-- Opening Marker --
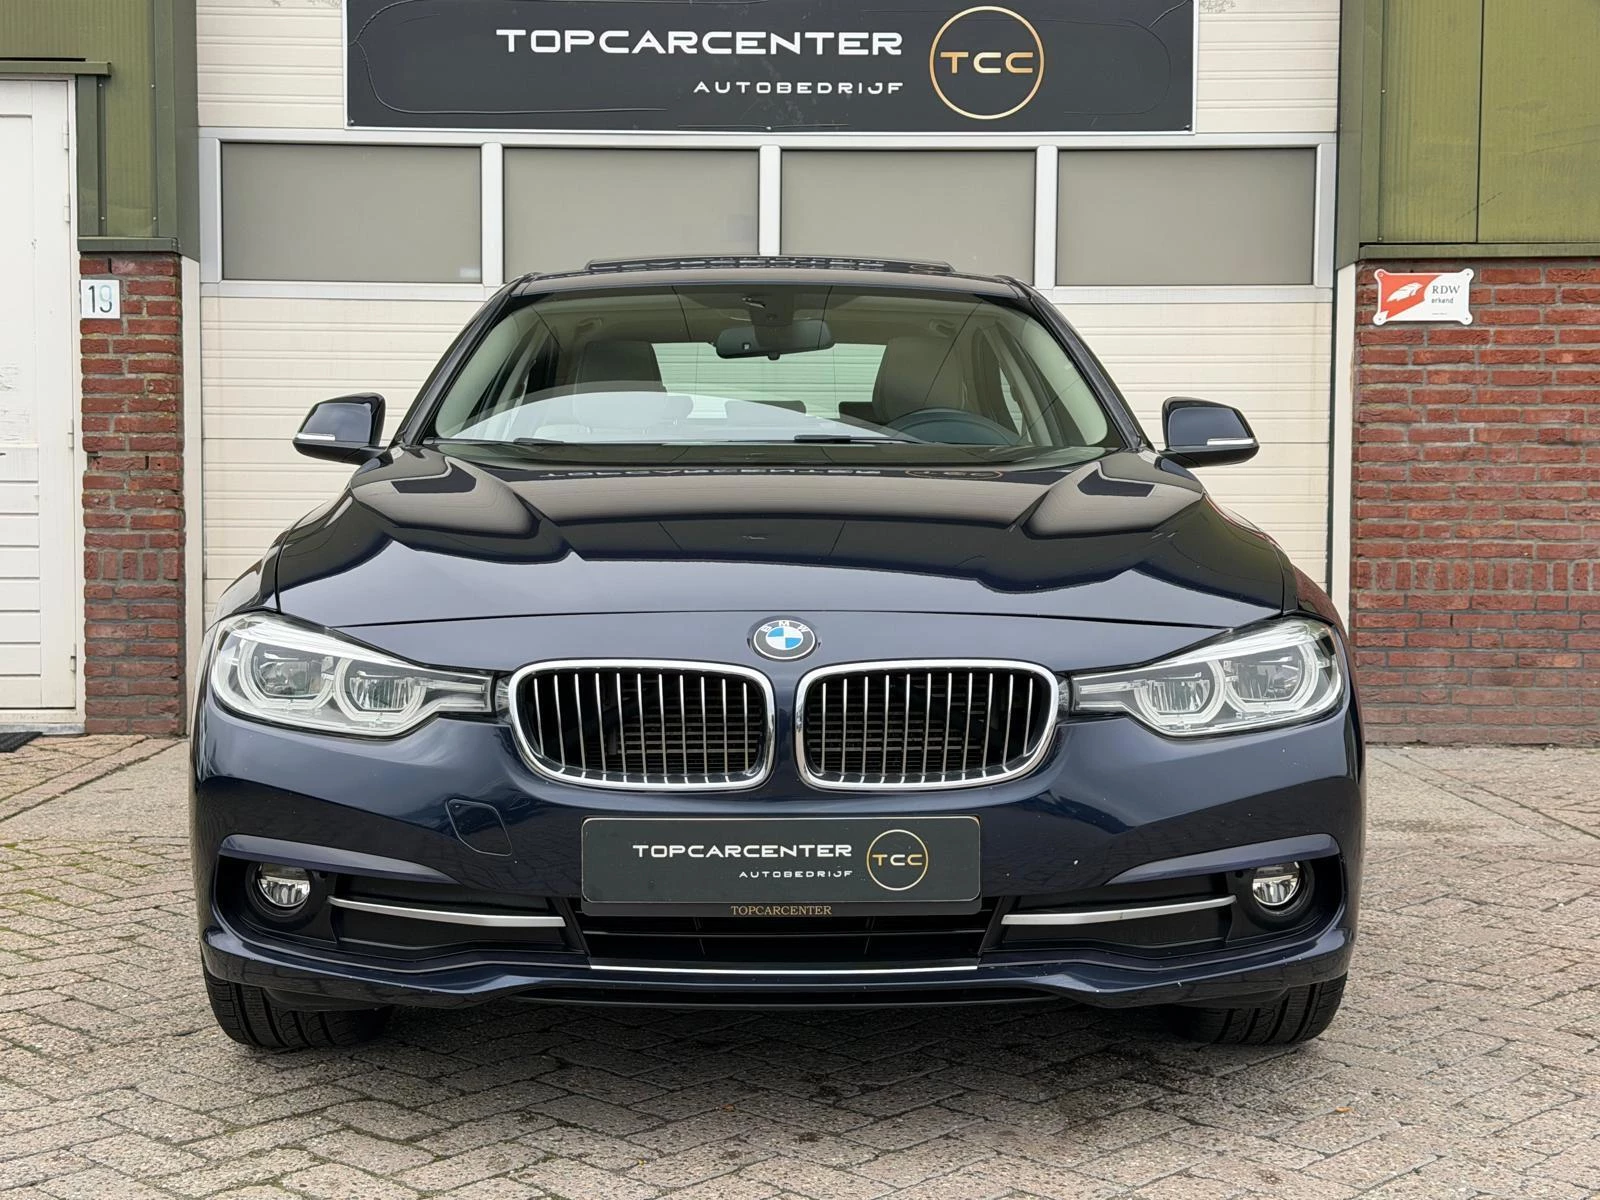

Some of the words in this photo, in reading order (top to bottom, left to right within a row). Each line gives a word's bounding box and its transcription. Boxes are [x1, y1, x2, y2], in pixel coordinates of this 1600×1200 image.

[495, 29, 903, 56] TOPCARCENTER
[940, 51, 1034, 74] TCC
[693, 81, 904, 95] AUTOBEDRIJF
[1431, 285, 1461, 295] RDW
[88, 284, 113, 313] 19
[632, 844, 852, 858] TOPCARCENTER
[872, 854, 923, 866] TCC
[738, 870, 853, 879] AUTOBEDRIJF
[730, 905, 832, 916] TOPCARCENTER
-- Closing Marker --
Only the pictures are to be left out; repeat all other material exactly.

Solution to this problem ::
Some of the words in this photo, in reading order (top to bottom, left to right within a row). Each line gives a word's bounding box and its transcription. Boxes are [x1, y1, x2, y2], in pixel coordinates of this 1600×1200 image.

[495, 29, 903, 56] TOPCARCENTER
[940, 51, 1034, 74] TCC
[693, 81, 904, 95] AUTOBEDRIJF
[1431, 285, 1461, 295] RDW
[88, 284, 113, 313] 19
[632, 844, 852, 858] TOPCARCENTER
[872, 854, 923, 866] TCC
[738, 870, 853, 879] AUTOBEDRIJF
[730, 905, 832, 916] TOPCARCENTER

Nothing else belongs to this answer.